=== Work order ===
Quote the whole listing exactly. Leave the pictures out of your copy.

=== Supplied data ===

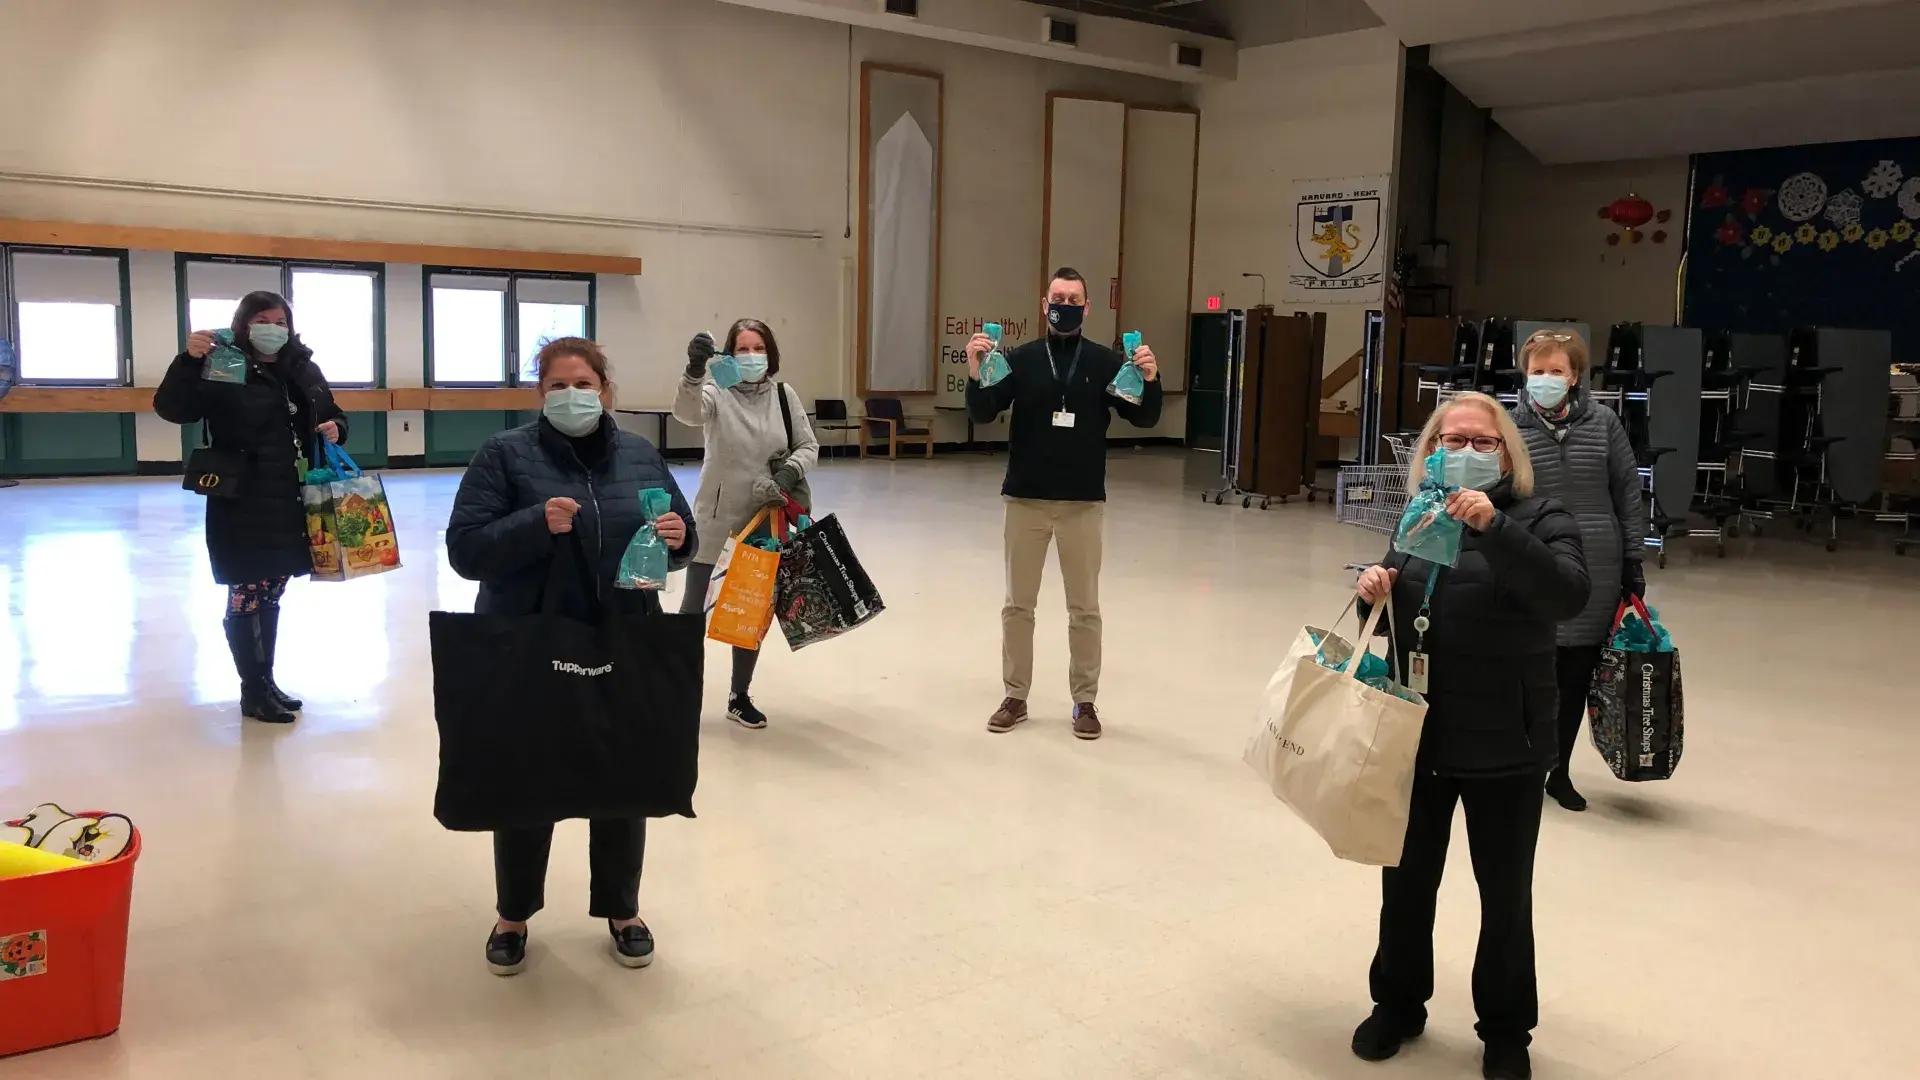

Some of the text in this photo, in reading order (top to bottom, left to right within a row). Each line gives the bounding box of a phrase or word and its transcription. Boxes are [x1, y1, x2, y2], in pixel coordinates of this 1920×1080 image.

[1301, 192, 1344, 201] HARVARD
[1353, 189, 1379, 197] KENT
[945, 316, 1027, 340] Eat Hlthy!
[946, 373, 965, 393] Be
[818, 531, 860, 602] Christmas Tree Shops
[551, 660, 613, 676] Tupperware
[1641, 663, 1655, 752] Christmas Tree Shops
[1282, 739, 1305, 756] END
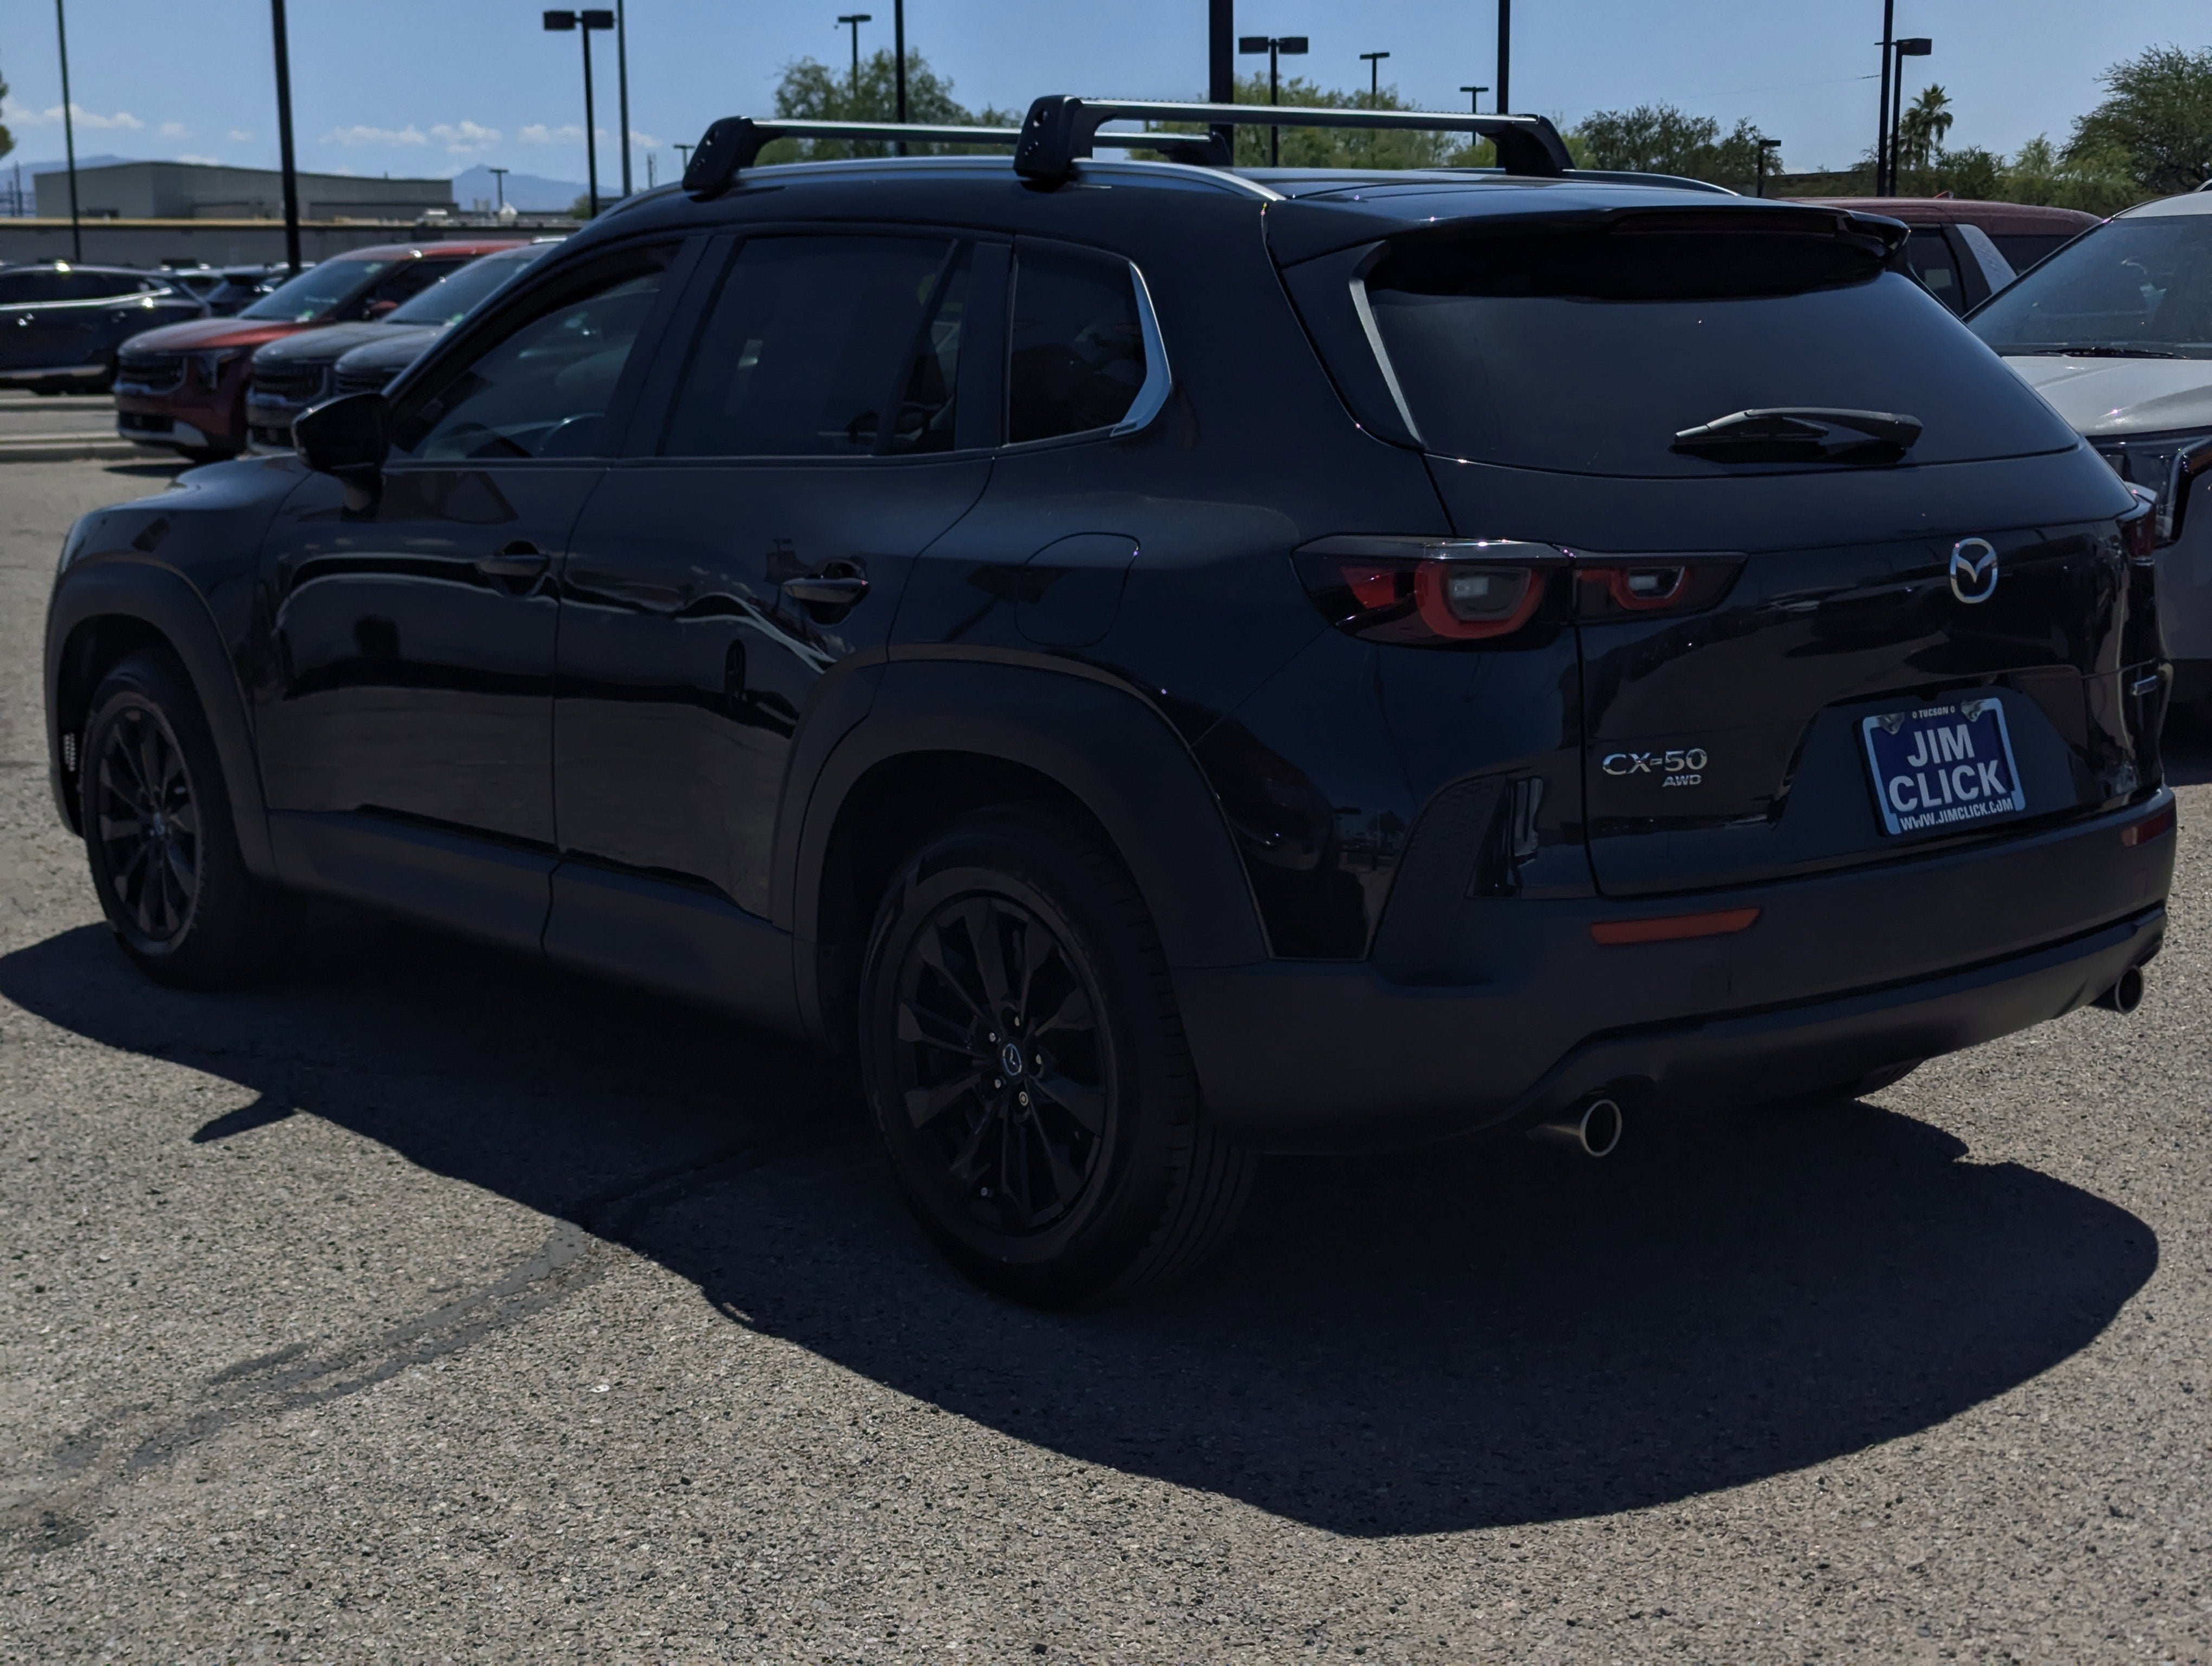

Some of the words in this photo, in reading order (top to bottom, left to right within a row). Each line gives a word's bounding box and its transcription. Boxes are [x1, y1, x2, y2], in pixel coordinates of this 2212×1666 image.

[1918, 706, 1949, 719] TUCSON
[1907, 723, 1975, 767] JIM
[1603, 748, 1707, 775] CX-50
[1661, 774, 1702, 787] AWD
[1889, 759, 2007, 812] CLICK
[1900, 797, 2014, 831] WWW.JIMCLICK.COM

=== Answer box ===
Some of the text in this photo, in reading order (top to bottom, left to right within a row). Each line gives the bounding box of a phrase or word and its transcription. Boxes are [x1, y1, x2, y2], in pixel coordinates of this 1920×1080 image.

[1301, 192, 1344, 201] HARVARD
[1353, 189, 1379, 197] KENT
[945, 316, 1027, 340] Eat Hlthy!
[946, 373, 965, 393] Be
[818, 531, 860, 602] Christmas Tree Shops
[551, 660, 613, 676] Tupperware
[1641, 663, 1655, 752] Christmas Tree Shops
[1282, 739, 1305, 756] END

Some of the words in this photo, in reading order (top to bottom, left to right within a row). Each line gives a word's bounding box and its transcription. Boxes are [x1, y1, x2, y2], in pixel coordinates of this 2212×1666 image.

[1918, 706, 1949, 719] TUCSON
[1907, 723, 1975, 767] JIM
[1603, 748, 1707, 775] CX-50
[1661, 774, 1702, 787] AWD
[1889, 759, 2007, 812] CLICK
[1900, 797, 2014, 831] WWW.JIMCLICK.COM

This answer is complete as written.